= WMOT Records =

WMOT (We Men of Talent) Records, an independent recording company in Philadelphia, produced a series of singles and albums in the "Philadelphia sound" soul tradition (see Philadelphia soul). The company was founded by Alan Rubens and Steve Bernstein in 1973.

The biggest selling record produced by WMOT was "Double Dutch Bus" by Frankie Smith, which hit number one on the Billboard soul chart (#30, pop) in 1982 and sold more than 2 million copies. Other gold hits were recorded by Major Harris with "Love Won't Let Me Wait" (#1 R&B, #5 pop, 1975) and their first signing, Blue Magic, who had a string of R&B and pop hits in the mid-70s, including "Sideshow", (#1 R&B, #8 pop), in 1974. Other WMOT artists included Count Coolout, Barbara Mason, Captain Sky, Brandi Wells, David Simmons, Funk Fusion Band, Bliss, Impact (which featured former Temptations member Damon Harris), Heaven and Earth, Sweet Thunder, and Fat Larry's Band. The label also produced "It's Good To Be The King" by actor/comedian/director Mel Brooks in 1981.

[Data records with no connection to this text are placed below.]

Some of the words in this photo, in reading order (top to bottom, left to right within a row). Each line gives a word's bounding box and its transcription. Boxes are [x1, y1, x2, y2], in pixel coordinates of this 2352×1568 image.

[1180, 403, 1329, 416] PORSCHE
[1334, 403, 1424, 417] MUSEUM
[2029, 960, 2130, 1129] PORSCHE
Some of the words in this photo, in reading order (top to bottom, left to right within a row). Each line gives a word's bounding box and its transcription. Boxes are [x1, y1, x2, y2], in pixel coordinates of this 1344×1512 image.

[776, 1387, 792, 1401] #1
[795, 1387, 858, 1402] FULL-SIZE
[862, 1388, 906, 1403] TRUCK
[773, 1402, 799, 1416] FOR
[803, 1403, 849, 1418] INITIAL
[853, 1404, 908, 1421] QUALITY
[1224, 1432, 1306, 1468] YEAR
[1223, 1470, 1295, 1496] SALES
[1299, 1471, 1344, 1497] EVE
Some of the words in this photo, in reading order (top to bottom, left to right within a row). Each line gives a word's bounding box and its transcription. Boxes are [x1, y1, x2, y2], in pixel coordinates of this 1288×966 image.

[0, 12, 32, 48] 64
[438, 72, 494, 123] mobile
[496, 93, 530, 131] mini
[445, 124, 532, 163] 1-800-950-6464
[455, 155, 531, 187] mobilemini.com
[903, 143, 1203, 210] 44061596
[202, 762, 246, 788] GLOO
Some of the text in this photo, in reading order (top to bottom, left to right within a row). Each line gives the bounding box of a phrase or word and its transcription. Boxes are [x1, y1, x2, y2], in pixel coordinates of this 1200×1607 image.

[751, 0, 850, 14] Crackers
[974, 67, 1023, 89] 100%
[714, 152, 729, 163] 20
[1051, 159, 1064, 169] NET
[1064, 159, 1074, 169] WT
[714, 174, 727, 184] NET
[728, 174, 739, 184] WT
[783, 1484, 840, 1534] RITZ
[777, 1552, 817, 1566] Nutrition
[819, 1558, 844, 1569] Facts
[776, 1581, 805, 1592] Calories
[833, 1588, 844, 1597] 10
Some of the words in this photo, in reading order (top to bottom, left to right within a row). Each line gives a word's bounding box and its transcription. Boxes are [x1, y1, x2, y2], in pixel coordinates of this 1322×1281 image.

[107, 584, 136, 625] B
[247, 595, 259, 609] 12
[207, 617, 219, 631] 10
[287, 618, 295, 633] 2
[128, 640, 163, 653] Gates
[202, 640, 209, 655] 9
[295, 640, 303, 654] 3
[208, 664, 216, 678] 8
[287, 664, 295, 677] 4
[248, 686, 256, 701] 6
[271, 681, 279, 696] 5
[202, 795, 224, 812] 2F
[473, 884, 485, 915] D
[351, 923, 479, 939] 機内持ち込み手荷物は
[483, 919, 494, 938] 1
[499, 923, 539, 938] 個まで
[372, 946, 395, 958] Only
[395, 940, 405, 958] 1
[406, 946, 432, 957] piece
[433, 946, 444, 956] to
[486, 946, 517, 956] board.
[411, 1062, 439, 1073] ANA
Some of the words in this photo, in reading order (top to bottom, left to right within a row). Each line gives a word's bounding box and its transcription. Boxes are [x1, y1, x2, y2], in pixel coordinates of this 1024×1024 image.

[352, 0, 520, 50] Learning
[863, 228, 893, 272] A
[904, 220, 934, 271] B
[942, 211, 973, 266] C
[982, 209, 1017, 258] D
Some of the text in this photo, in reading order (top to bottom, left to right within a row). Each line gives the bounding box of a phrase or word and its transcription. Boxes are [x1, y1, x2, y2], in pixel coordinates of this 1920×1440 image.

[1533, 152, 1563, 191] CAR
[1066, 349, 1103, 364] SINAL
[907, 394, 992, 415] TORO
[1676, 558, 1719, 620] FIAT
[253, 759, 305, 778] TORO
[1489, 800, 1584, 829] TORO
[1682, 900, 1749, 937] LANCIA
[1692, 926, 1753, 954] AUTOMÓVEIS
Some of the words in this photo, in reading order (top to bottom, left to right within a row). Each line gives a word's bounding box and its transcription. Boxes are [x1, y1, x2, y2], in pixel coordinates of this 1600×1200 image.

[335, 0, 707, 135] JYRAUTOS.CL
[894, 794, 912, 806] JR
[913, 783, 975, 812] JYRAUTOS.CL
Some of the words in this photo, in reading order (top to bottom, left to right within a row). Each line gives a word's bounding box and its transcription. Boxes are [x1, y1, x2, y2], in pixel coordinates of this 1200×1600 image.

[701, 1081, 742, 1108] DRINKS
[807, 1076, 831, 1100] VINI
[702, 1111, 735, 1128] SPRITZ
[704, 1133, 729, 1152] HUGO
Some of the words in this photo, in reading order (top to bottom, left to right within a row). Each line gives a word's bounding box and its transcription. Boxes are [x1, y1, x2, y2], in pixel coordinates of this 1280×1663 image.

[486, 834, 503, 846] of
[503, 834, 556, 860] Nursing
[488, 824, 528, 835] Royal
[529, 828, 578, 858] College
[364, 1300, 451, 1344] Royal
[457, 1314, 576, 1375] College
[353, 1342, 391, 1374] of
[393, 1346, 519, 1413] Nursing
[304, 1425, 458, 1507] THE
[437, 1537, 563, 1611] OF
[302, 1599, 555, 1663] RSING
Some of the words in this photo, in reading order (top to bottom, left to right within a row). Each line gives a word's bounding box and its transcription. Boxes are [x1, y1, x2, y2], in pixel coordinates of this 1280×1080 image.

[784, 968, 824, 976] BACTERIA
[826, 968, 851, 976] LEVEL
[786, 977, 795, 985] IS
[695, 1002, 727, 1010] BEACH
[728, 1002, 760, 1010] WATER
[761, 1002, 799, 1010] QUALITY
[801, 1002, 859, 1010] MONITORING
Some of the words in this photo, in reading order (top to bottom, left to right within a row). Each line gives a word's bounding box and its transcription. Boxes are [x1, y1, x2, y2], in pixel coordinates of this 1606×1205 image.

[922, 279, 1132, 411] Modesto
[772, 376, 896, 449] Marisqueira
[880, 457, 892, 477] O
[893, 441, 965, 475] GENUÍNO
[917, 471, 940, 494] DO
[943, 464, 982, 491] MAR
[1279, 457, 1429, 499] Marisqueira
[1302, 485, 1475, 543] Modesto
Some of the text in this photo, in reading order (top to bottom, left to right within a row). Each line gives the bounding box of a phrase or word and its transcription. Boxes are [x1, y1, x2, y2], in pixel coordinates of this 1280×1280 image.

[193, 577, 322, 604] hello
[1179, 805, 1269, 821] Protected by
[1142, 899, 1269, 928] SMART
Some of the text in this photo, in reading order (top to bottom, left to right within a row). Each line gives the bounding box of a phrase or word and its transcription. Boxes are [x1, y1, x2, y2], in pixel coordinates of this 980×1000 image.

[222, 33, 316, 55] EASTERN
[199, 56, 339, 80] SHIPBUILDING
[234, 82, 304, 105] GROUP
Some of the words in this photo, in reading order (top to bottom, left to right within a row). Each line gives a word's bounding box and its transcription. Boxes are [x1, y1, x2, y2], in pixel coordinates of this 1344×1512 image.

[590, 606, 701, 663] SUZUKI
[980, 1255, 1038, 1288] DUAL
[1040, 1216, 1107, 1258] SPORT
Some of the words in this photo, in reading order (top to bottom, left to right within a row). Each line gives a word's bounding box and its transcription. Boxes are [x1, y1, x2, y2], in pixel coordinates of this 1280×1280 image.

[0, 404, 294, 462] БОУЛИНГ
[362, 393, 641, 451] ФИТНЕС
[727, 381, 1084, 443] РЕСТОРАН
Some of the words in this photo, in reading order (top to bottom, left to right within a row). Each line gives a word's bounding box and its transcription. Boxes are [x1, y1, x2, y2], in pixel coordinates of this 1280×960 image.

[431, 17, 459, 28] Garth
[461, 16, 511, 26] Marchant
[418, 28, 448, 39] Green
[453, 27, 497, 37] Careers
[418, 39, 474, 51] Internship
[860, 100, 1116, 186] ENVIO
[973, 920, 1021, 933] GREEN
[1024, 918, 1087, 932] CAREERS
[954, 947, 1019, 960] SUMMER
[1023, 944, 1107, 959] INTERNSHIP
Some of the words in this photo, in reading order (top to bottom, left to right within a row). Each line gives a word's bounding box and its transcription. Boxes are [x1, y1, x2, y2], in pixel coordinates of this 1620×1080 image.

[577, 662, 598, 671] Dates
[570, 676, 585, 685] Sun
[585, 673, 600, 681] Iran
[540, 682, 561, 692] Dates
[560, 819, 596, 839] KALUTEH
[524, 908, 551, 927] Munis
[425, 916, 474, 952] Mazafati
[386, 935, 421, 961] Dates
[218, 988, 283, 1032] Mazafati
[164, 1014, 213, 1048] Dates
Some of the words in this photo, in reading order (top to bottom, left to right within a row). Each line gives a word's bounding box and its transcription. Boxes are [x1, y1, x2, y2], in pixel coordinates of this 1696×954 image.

From its beginning, Atlantic Records distributed WMOT's releases, mainly on its Atco subsidiary, but in 1978, Fantasy Records took over distribution as Fantasy / WMOT Records. In 1980, it began distributing independently. During that same period, the label was distributed in certain European markets such as France, Belgium and the Netherlands by French record company Vogue.

In 1981, the label and company was sold to Michael Goldberg, Allen Cohen, and Jeff and Mark Salvarian. Two years later, Larry Lavin bought a stake in WMOT and it was his activity in the company that led to lawsuits over money laundering that brought the company down in 1984. Its back catalog was sold to CBS (now Sony Music). Later in 1985, Steve Bernstein launched Omni Records in Philadelphia with an immediate success, Jean Carn's "Closer Than Close", which was a #1 R&B hit.